DATA TO USE:
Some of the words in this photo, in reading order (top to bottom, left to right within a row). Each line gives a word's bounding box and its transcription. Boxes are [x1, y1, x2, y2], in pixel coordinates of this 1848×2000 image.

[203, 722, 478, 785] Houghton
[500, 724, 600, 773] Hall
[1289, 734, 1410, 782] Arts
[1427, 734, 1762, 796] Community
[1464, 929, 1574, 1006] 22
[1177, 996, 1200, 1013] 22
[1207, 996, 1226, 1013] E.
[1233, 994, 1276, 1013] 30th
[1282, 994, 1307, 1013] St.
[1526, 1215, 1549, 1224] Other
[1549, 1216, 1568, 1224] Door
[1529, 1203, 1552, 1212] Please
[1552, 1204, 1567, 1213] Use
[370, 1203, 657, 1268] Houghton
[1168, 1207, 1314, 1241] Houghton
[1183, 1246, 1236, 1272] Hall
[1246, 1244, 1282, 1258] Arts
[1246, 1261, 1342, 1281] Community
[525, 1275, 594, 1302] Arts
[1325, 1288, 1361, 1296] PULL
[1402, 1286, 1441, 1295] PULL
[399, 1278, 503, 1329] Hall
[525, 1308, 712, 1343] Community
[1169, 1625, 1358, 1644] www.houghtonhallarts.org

WORK INSTRUCTION: Copy all of the data exactly. Skip nothing.

SOLUTION TO THIS EXERCISE:
Some of the words in this photo, in reading order (top to bottom, left to right within a row). Each line gives a word's bounding box and its transcription. Boxes are [x1, y1, x2, y2], in pixel coordinates of this 1848×2000 image.

[203, 722, 478, 785] Houghton
[500, 724, 600, 773] Hall
[1289, 734, 1410, 782] Arts
[1427, 734, 1762, 796] Community
[1464, 929, 1574, 1006] 22
[1177, 996, 1200, 1013] 22
[1207, 996, 1226, 1013] E.
[1233, 994, 1276, 1013] 30th
[1282, 994, 1307, 1013] St.
[1526, 1215, 1549, 1224] Other
[1549, 1216, 1568, 1224] Door
[1529, 1203, 1552, 1212] Please
[1552, 1204, 1567, 1213] Use
[370, 1203, 657, 1268] Houghton
[1168, 1207, 1314, 1241] Houghton
[1183, 1246, 1236, 1272] Hall
[1246, 1244, 1282, 1258] Arts
[1246, 1261, 1342, 1281] Community
[525, 1275, 594, 1302] Arts
[1325, 1288, 1361, 1296] PULL
[1402, 1286, 1441, 1295] PULL
[399, 1278, 503, 1329] Hall
[525, 1308, 712, 1343] Community
[1169, 1625, 1358, 1644] www.houghtonhallarts.org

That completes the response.